### About this exercise
Where the data below contains pictures, omit them; output the rest word for word.

### Entries supplied
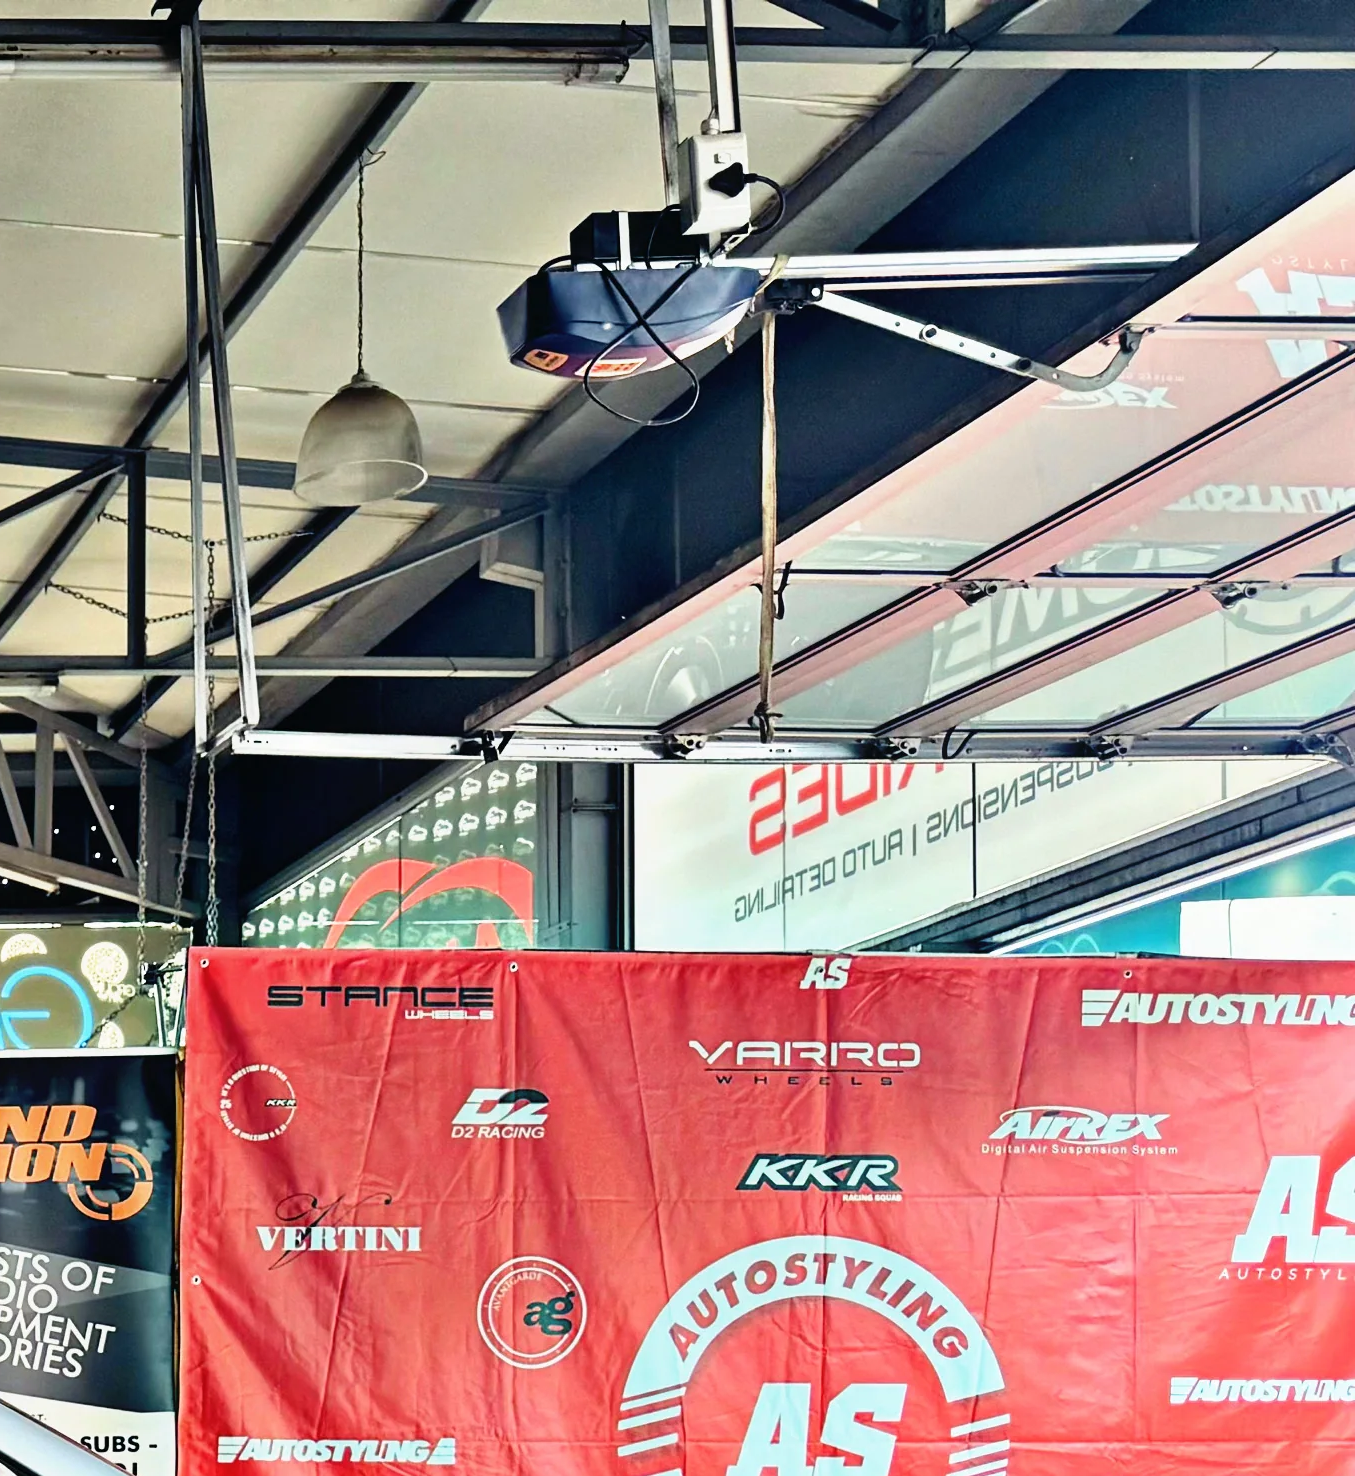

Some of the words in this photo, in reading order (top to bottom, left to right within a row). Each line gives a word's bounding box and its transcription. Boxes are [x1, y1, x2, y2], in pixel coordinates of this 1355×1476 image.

[800, 959, 851, 989] AS
[267, 986, 494, 1007] STANCE
[404, 1010, 494, 1020] WHEELS
[716, 1075, 893, 1086] WHEELS
[451, 1088, 549, 1125] D2
[451, 1126, 475, 1139] D2
[478, 1126, 545, 1139] RACING
[981, 1143, 1024, 1155] Digital
[1030, 1143, 1047, 1154] Air
[1051, 1144, 1127, 1156] Suspension
[1132, 1145, 1178, 1156] System
[745, 1158, 895, 1187] KKR
[257, 1226, 422, 1252] VERTINI
[61, 1262, 116, 1294] OF
[1219, 1268, 1347, 1280] AUTOSTYL
[669, 1253, 969, 1362] AUTOSTYLING
[239, 1438, 431, 1463] AUTOSTYLING
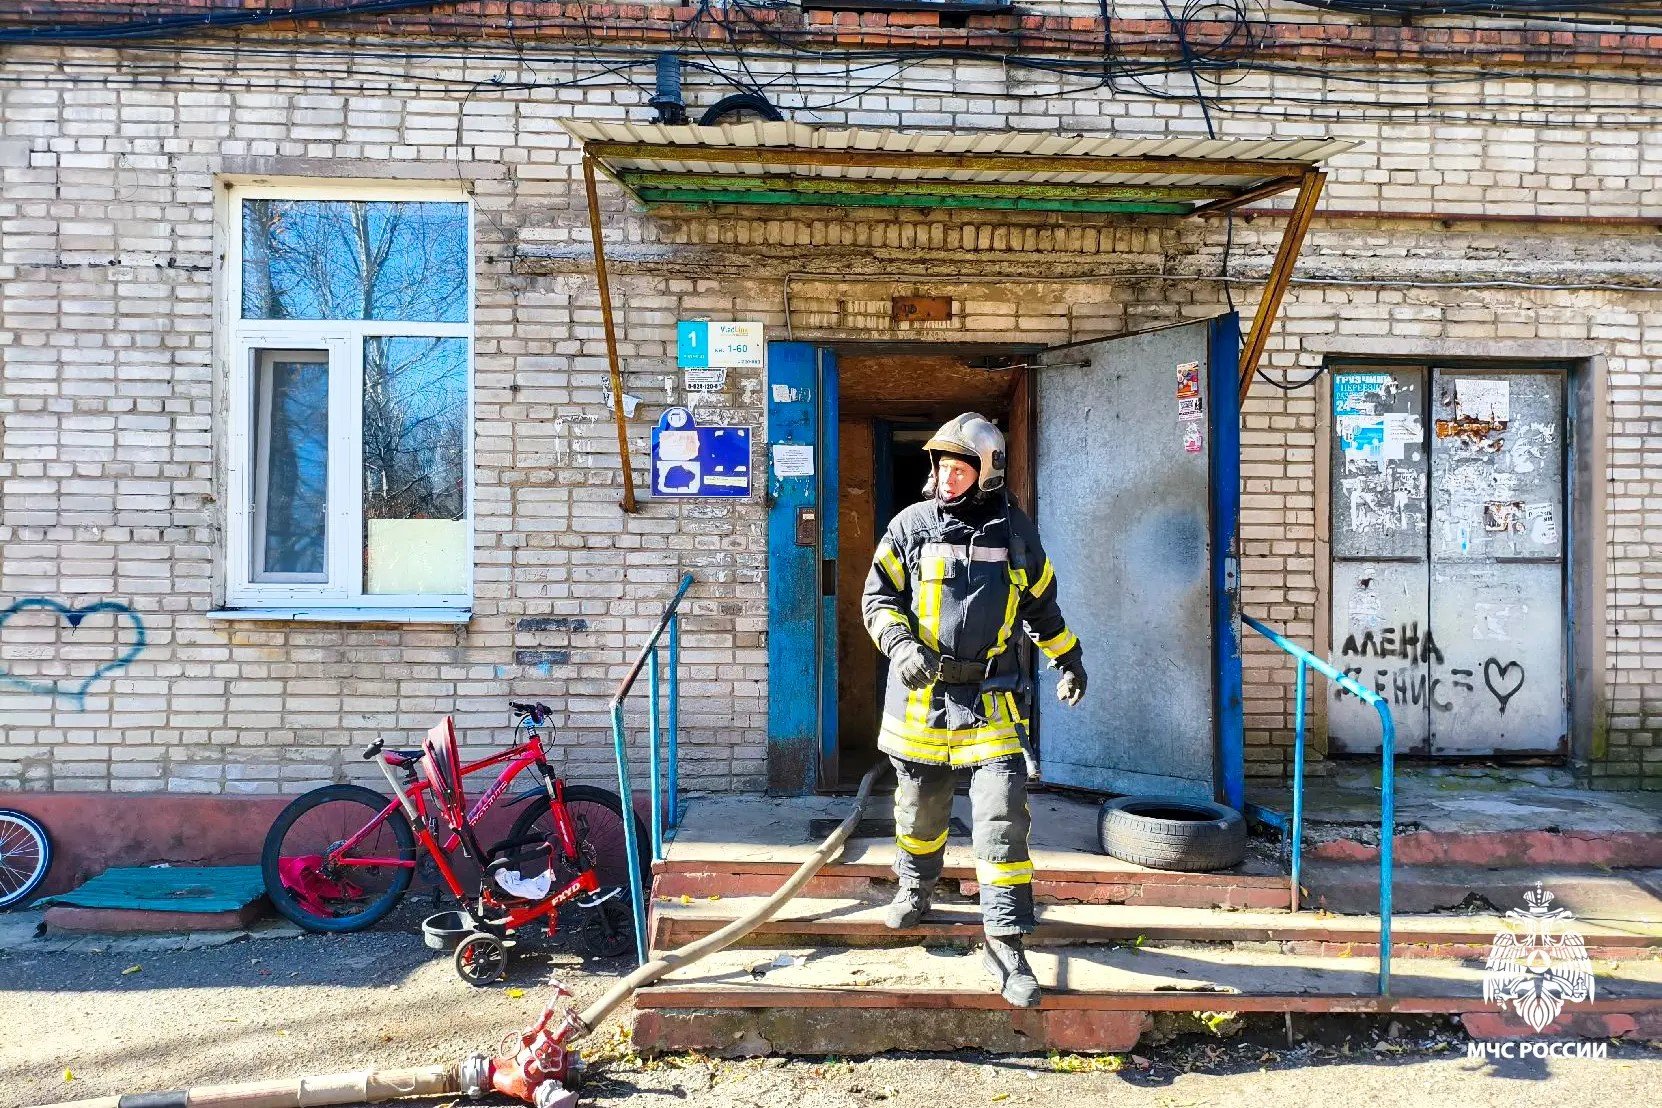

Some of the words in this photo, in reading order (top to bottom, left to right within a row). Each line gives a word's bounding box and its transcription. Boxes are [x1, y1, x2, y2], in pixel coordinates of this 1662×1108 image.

[688, 331, 697, 347] 1
[727, 344, 748, 353] 1-60
[1342, 621, 1444, 666] АЛЕНА
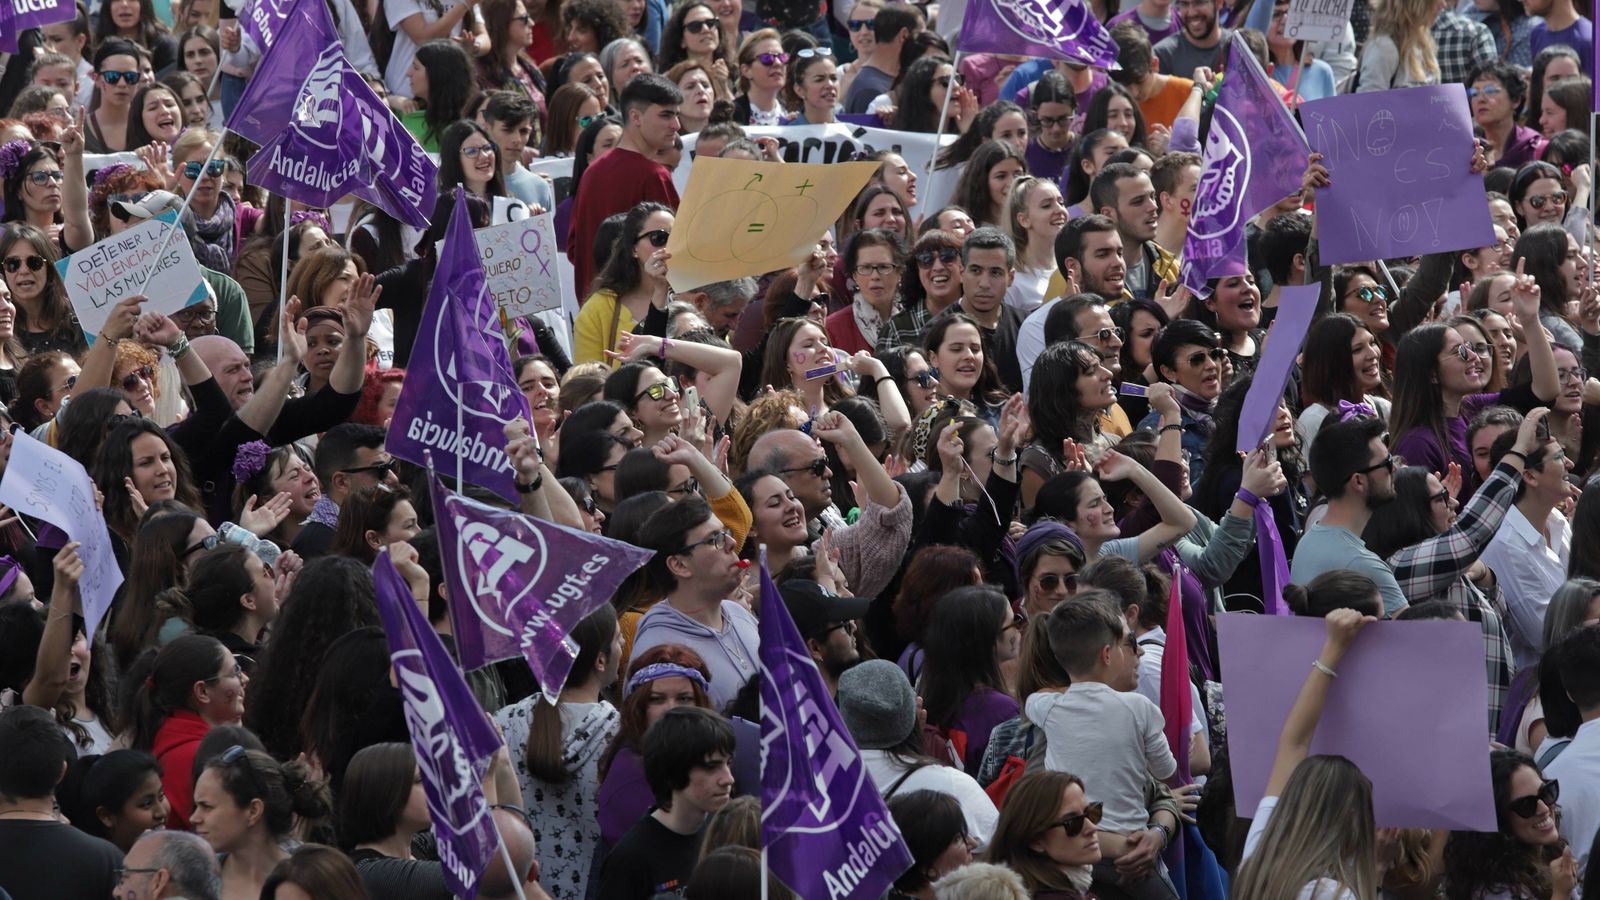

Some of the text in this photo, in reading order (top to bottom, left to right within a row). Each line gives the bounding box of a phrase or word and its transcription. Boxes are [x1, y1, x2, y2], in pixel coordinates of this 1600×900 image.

[1394, 147, 1450, 184] ES
[78, 222, 171, 274] DETENER LA

### Reply to the task
Some of the words in this photo, in reading order (top to bottom, left to right within a row). Each line gives a word's bounding box and its transcription. Boxes are [x1, y1, x2, y2], in pixel coordinates of this 1355×1476 image.

[800, 959, 851, 989] AS
[267, 986, 494, 1007] STANCE
[404, 1010, 494, 1020] WHEELS
[716, 1075, 893, 1086] WHEELS
[451, 1088, 549, 1125] D2
[451, 1126, 475, 1139] D2
[478, 1126, 545, 1139] RACING
[981, 1143, 1024, 1155] Digital
[1030, 1143, 1047, 1154] Air
[1051, 1144, 1127, 1156] Suspension
[1132, 1145, 1178, 1156] System
[745, 1158, 895, 1187] KKR
[257, 1226, 422, 1252] VERTINI
[61, 1262, 116, 1294] OF
[1219, 1268, 1347, 1280] AUTOSTYL
[669, 1253, 969, 1362] AUTOSTYLING
[239, 1438, 431, 1463] AUTOSTYLING

Some of the words in this photo, in reading order (top to bottom, left to right within a row). Each line gives a word's bounding box and its transcription. Boxes are [x1, y1, x2, y2], in pixel coordinates of this 1662×1108 image.

[688, 331, 697, 347] 1
[727, 344, 748, 353] 1-60
[1342, 621, 1444, 666] АЛЕНА

Some of the text in this photo, in reading order (top to bottom, left to right within a row). Each line gives the bounding box of a phrase or word and its transcription. Boxes are [x1, y1, x2, y2], in pixel coordinates of this 1600×900 image.

[1394, 147, 1450, 184] ES
[78, 222, 171, 274] DETENER LA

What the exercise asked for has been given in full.